The only possibilities I can think of are that insensitive people are self-absorbed, critical, don’t care how you feel or that you are not important enough for them to make any effort to change. They may be less conscious or out of touch with their own feelings and do not even realize they are being insensitive. Perhaps they feel alone in the world and think “What does it matter how others feel or how I behave?” These are not bad people and you may even like them for their other redeeming characteristics.
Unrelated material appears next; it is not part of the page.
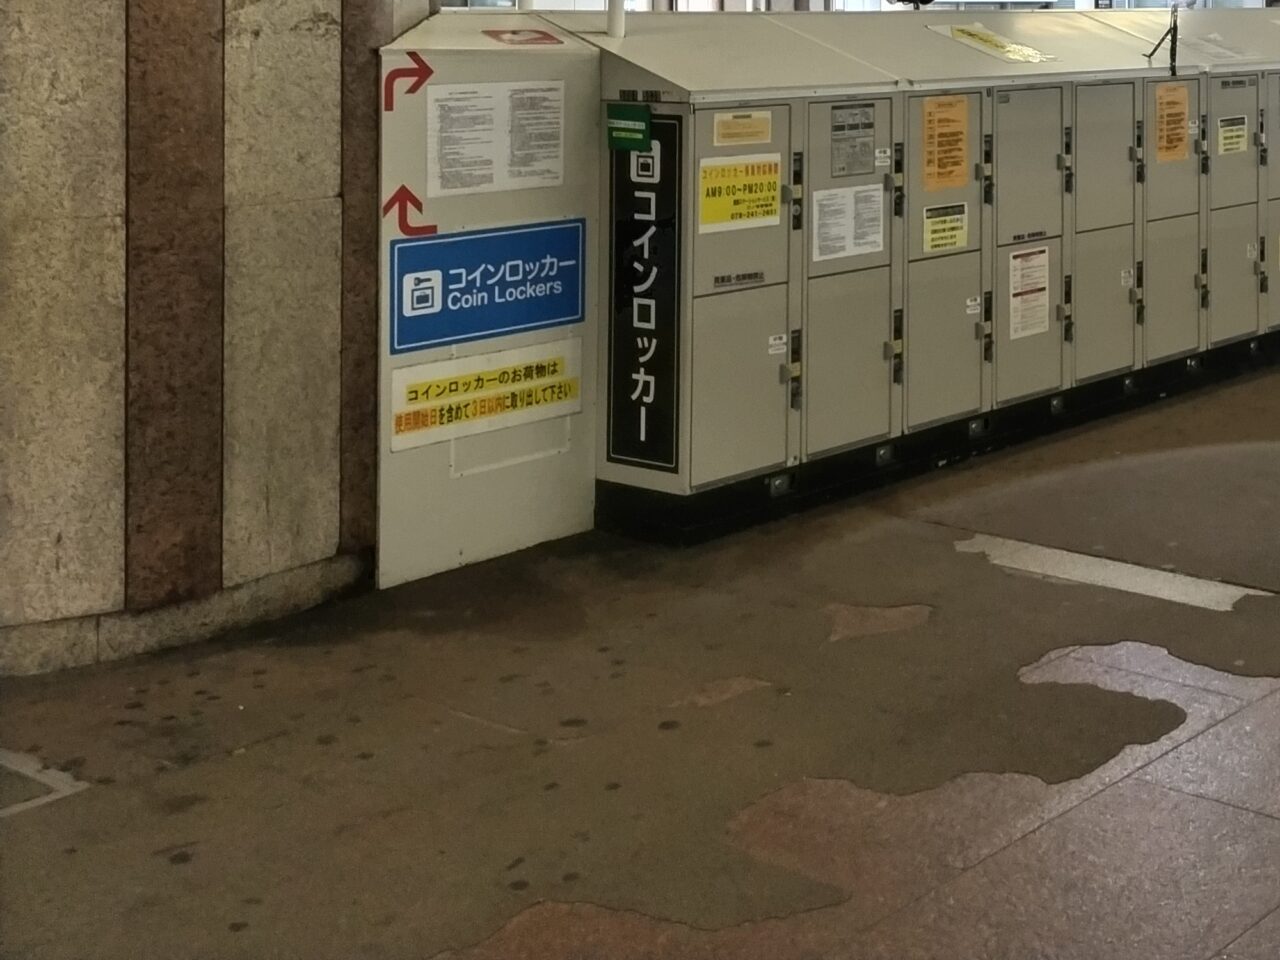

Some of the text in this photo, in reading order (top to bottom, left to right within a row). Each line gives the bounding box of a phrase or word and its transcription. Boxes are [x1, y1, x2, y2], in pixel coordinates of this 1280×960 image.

Often insensitive people can’t understand what you are making such a fuss about. They may look upon you as someone who is difficult to be around because you are so emotional. They may think you are being overly sensitive and take everything they say to heart when they only made a casual remark at your expense. Such folks usually do not take to time to find out how you feel or how their behavior affects you.
We live in a world where we are all connected whether or not we are aware of the field of energy that connects us all. Unfortunately, many people do not realize that they do not live in a vacuum where they can hurt or be insensitive to others without it having a ripple effect on others. What goes around comes around so these people will have to experience people not listening to them, ignoring them and their hurting their feelings at some point.
Sensitivity and insensitivity are on the same continuum but at opposite ends. When we see extreme sensitivity we should look for extreme insensitivity. Sensitive people are more focused on others being sensitive to their needs rather than their being sensitive to the needs of others.
I have done readings for sensitive people and what is interesting to me is that people with skin conditions like cirrhosis and extreme sensitivities are often people who in previous lives have been insensitive to others. If you have been insensitive to others in one life you will come back with people being insensitive to you or having extreme sensitivities. This is how the soul learns and karma works.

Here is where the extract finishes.